** Information follows **

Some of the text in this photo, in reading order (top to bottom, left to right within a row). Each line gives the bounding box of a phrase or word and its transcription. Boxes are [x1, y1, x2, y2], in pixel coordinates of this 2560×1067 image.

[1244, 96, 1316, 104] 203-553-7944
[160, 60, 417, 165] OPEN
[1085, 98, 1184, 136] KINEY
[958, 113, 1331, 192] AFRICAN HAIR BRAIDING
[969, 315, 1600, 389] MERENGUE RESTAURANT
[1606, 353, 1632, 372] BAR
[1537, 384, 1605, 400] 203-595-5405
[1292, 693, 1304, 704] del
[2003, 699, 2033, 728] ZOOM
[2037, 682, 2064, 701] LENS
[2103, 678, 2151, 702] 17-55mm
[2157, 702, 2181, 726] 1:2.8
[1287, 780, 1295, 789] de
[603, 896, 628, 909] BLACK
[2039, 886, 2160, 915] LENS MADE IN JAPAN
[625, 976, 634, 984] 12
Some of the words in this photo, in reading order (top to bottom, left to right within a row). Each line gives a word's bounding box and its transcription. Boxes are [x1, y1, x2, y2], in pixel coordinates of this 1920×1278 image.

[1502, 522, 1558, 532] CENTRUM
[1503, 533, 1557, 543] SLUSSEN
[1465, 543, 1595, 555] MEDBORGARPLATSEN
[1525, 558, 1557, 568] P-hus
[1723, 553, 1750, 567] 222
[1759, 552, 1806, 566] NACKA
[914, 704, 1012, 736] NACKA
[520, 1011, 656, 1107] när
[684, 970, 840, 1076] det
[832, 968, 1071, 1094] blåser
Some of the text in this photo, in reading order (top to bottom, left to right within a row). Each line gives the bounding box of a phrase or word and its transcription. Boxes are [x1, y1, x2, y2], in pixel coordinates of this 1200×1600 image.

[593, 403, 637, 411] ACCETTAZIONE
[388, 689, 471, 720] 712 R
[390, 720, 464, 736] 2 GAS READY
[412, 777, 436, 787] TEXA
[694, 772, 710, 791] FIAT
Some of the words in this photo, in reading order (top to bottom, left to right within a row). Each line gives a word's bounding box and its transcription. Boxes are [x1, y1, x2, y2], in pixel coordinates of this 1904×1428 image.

** End of Information **

# [Exercise goal]
The required output is the exact sequence of lines from the one containing "this 1200×1600 image." through the end of the listing, both endpoints included.

# [Written response]
Some of the text in this photo, in reading order (top to bottom, left to right within a row). Each line gives the bounding box of a phrase or word and its transcription. Boxes are [x1, y1, x2, y2], in pixel coordinates of this 1200×1600 image.

[593, 403, 637, 411] ACCETTAZIONE
[388, 689, 471, 720] 712 R
[390, 720, 464, 736] 2 GAS READY
[412, 777, 436, 787] TEXA
[694, 772, 710, 791] FIAT
Some of the words in this photo, in reading order (top to bottom, left to right within a row). Each line gives a word's bounding box and its transcription. Boxes are [x1, y1, x2, y2], in pixel coordinates of this 1904×1428 image.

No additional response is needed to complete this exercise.